Fraser walked around the chaos and into the living room, where Ray’s spiky hair poked up over the couch as he tried to look backwards.

“You found him.”

“Yes.” Fraser answered and stood by the couch, looking down at Ray who had Machiavelli cradled like a precious newborn in his arms. The cat’s encased leg stuck out oddly, marring the picture.

“Nice you could make it, Vecchio!”

“I’m not there yet, your portable pet rock has me trapped.”

Fraser stepped forward. “Daisy, let Ray go. He’s not leaving again, you can release him.”

Daisy grumbled and remained motionless. Ray leaned over her, bringing himself down to head level.

“Listen, I was stupid, and I’m sorry. Thank you for finding Mack, and I promise, I’m not leaving again. Except for work.”

Daisy gave him a blank look.

“And ice cream. I’ll leave to get ice cream. Pistachio, right?” Ray waved his hands between them as if negotiating a business deal. With a yip of pleasure Daisy pushed off from where she had backed Ray into the corner and trapped him by sitting on his feet

“These dogs could give extortion lessons to Don Corleone.” Ray said as he walked towards the couch. He stopped and took a long look at Machiavelli, then sat down on the couch next to Ray, running a long arm over his shoulders. With his other hand he began stroking Machiavelli’s head, and he leaned into talk softly at the cat in hushed tones.

Fraser had prepared himself for fighting, for bickering, for arguing, but not for this. Not for his Rays to sit together on the couch, matched and relaxed, fitting together comfortably. Words and emotions fled with his reason and he stood in the middle of the room staring, wondering if he was going to spend the rest of his life underestimating his partners. They were fussing over the cat and did not even see him.

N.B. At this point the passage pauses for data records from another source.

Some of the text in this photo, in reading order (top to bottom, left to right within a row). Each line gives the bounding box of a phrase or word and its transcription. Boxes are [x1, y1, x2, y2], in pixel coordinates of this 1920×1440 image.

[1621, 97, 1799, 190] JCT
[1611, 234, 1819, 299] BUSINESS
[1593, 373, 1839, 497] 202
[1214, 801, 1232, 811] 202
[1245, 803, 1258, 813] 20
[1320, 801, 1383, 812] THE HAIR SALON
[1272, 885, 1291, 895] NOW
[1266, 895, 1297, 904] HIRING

“You get him the organic catnip? I don’t want him eating pesticides.”

“Do I look that irresponsible? Huh?…Shut up. Turnbull got the catnip, so yeah, it’s organic.”

“Careful of his head.”

“I’ve been holding him all week like this while you’ve been MIA. He’s fine. Quit bitching.”

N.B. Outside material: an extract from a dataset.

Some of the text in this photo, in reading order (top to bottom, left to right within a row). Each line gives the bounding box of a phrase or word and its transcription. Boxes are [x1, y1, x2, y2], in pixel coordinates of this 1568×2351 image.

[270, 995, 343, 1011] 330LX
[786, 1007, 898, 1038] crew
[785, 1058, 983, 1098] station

“I had some things to figure out, okay? Don’t give me grief, it’s my cat that got hurt because of this.”

Ray gave him a critical look. “Yeah, and it was me and Frase here to pick up the pieces and make it all right again.”

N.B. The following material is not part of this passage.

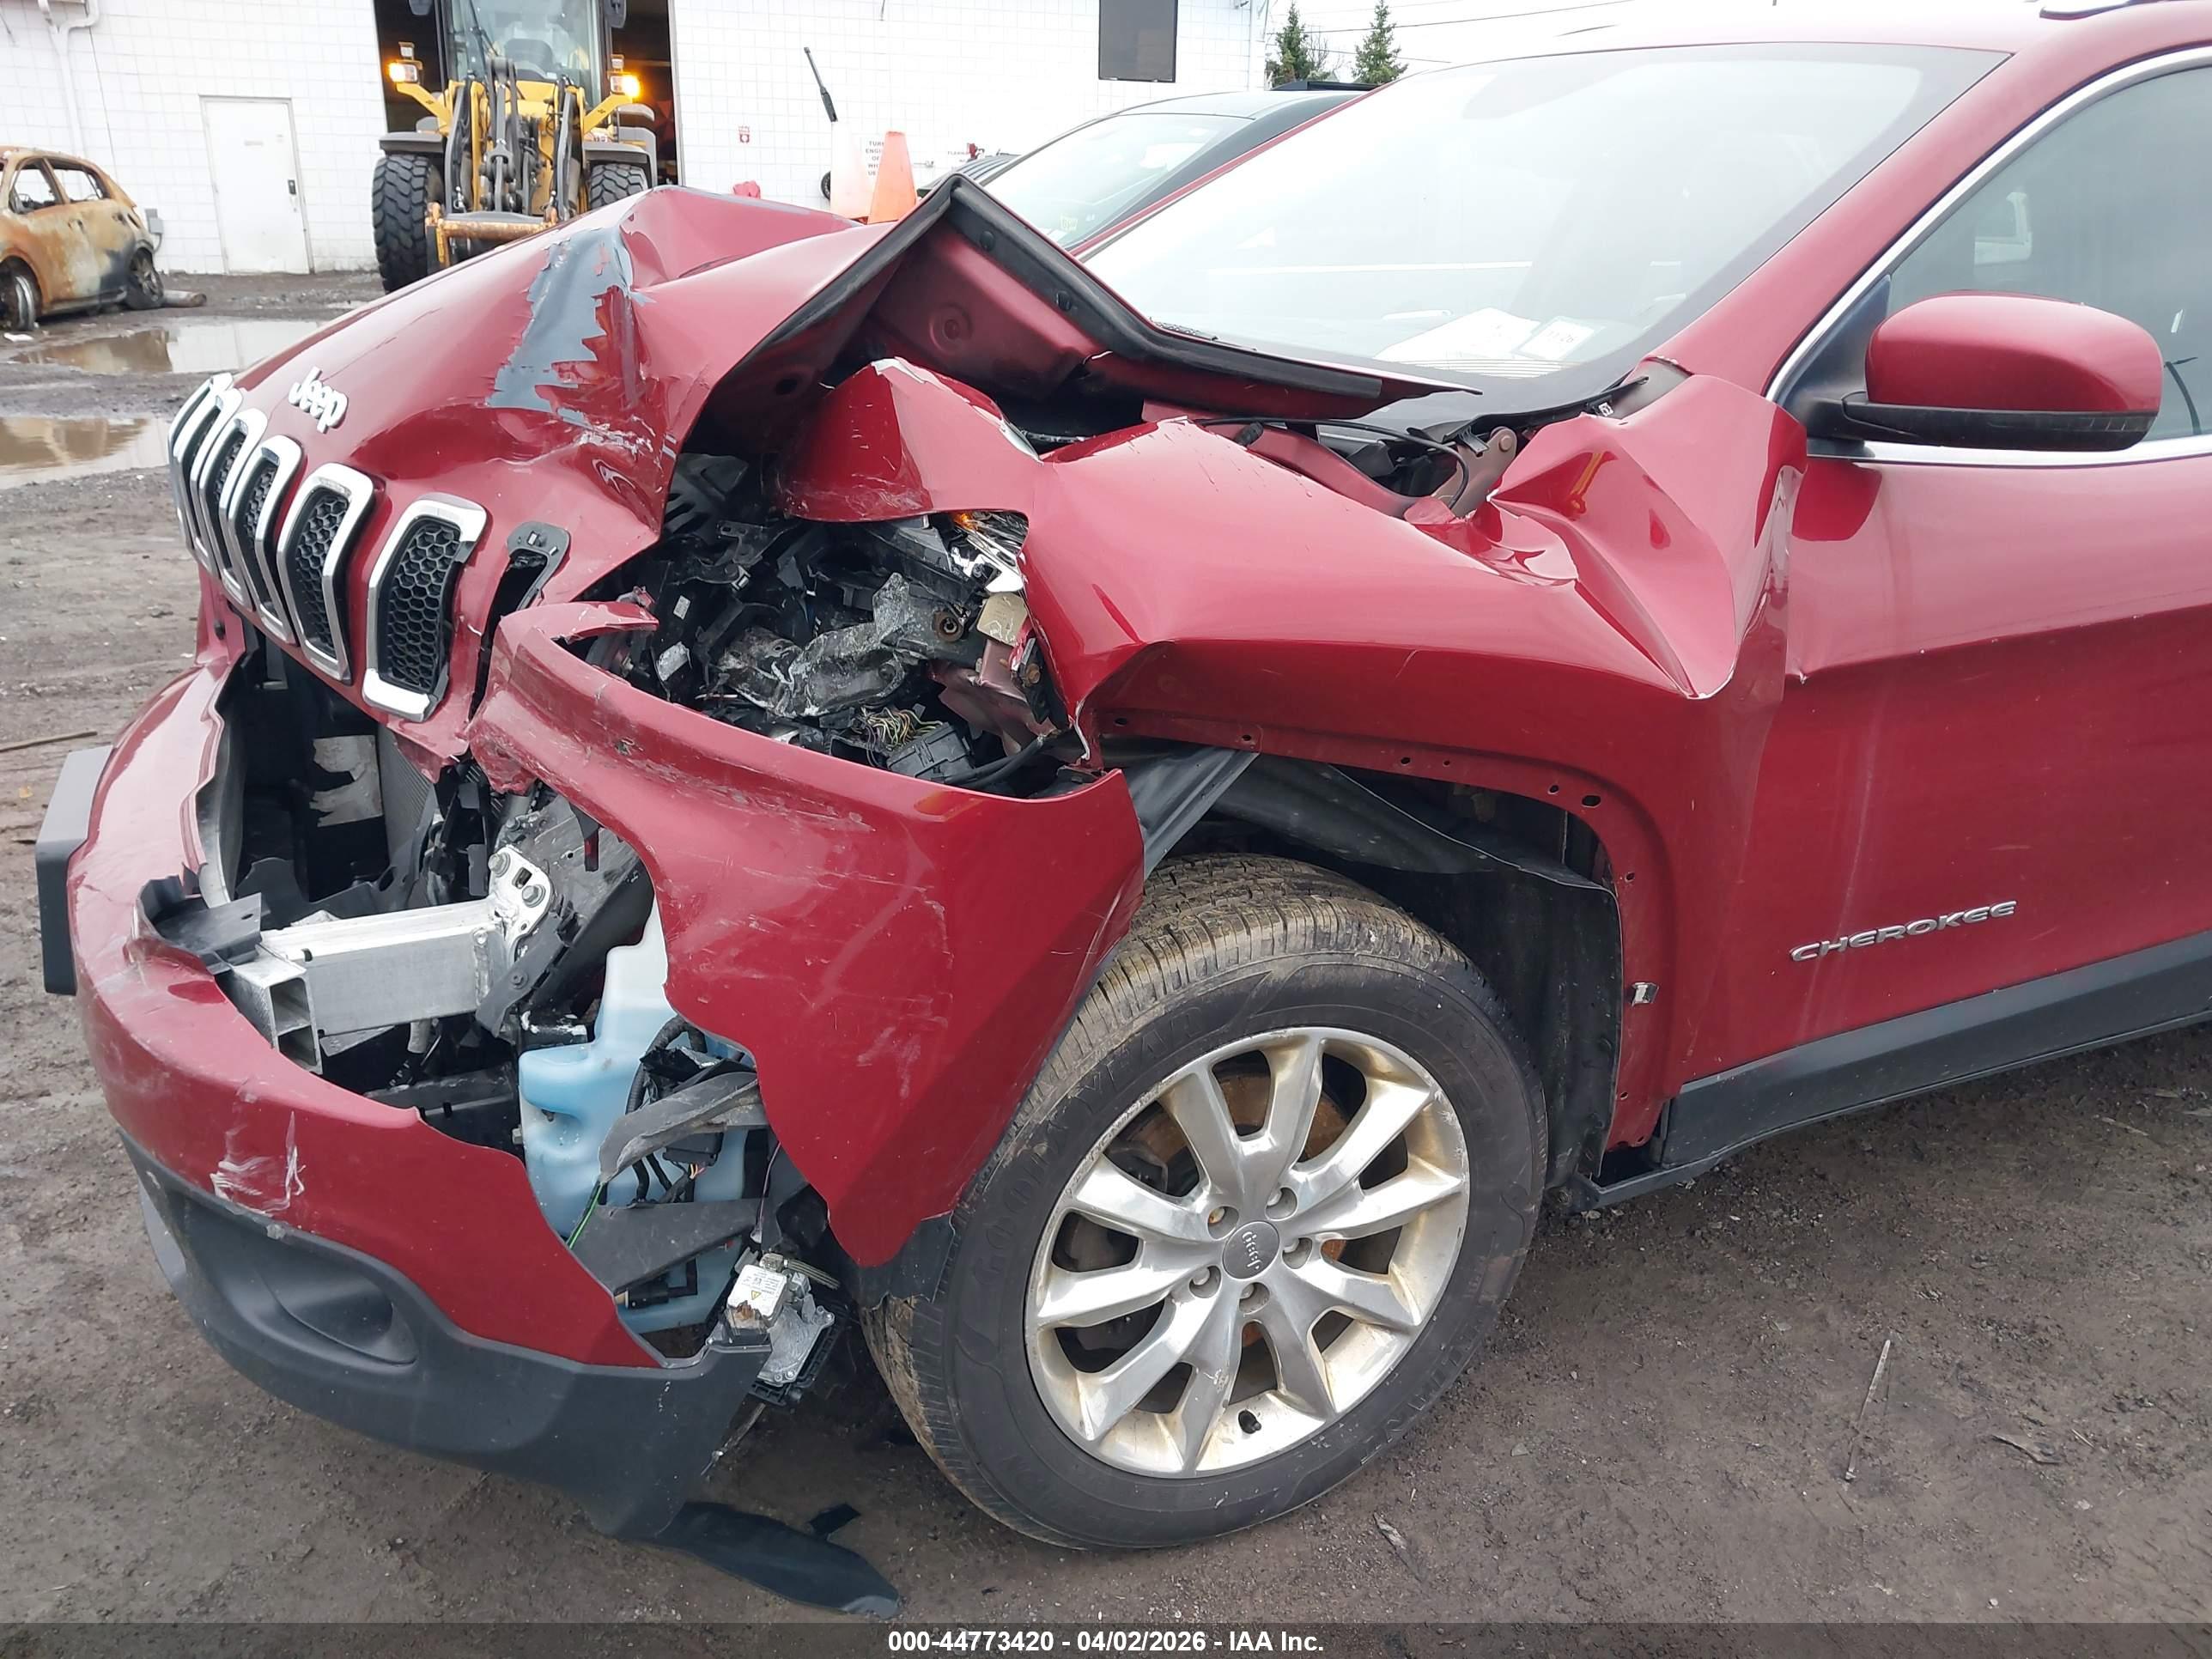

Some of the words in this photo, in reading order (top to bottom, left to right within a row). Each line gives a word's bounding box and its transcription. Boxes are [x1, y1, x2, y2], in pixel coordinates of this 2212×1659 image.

[289, 366, 348, 434] Jeep
[1790, 900, 2017, 961] CHEROKEE
[1242, 1231, 1262, 1271] Jeep

Ray sat back in surprise and looked at him, then nodded slowly. He tightened his arm over ray’s shoulders. “I owe you, Kowalski. For finding him. For…”

“Yeah? Then shut up and thank me.” Ray stuck his chin out and his mouth twitched in open dare, and Fraser held his breath, his common sense yelling at him to stop this before it all went haywire again. Instead, Ray leaned over and pressed Ray back into the couch, careful not to dislodge the dozing cat, and kissed him.

“Ray…” The name left Fraser’s mouth, barely more than a whisper, and went unheard.

Ray pulled back, and smiled down at Ray on the couch, who looked stunned.

“Didn’t think you’d do it.”

“I’ll try anything once, Kowalski.”

Fraser coughed. “I think that was twice. Technically.”

The Rays both threw him stubborn looks, then turned back to each other.

“So we’re doing this?” Ray asked, adjusting Machiavelli who was starting to wake up from all the jostling.

“Yeah, I think we are.”

“Because, you know, I’m not cool with the whole picking up tricks on the side thing.”

“Ray…” Fraser scolded, but the hard look Ray Vecchio gave him stopped the words in his mouth.

“I get it, Kowalski. And you know what?”

“What?” Ray answered defensively, pulling Mack to his chest in what Fraser realized was a protective move.

“I’m not cool with it either. Not one goddamn bit.” Ray leaned over and put one hand on Ray’s knee. “You know how I feel about Benny. That’s old news. What maybe you don’t know is that this? Here? You? Are family. The only family I got right now. I am _not_ Armando: this means everything to me. Everything.” He squeezed Ray’s knee, then let go and waited for a response. Fraser felt left out of the dynamic, but was unsure of what to do, so stood by silently while the Rays tested the waters.

“Yeah, I get that. But it’s all of us or nothing. No playing favorites. You’re good with that, Vecchio?”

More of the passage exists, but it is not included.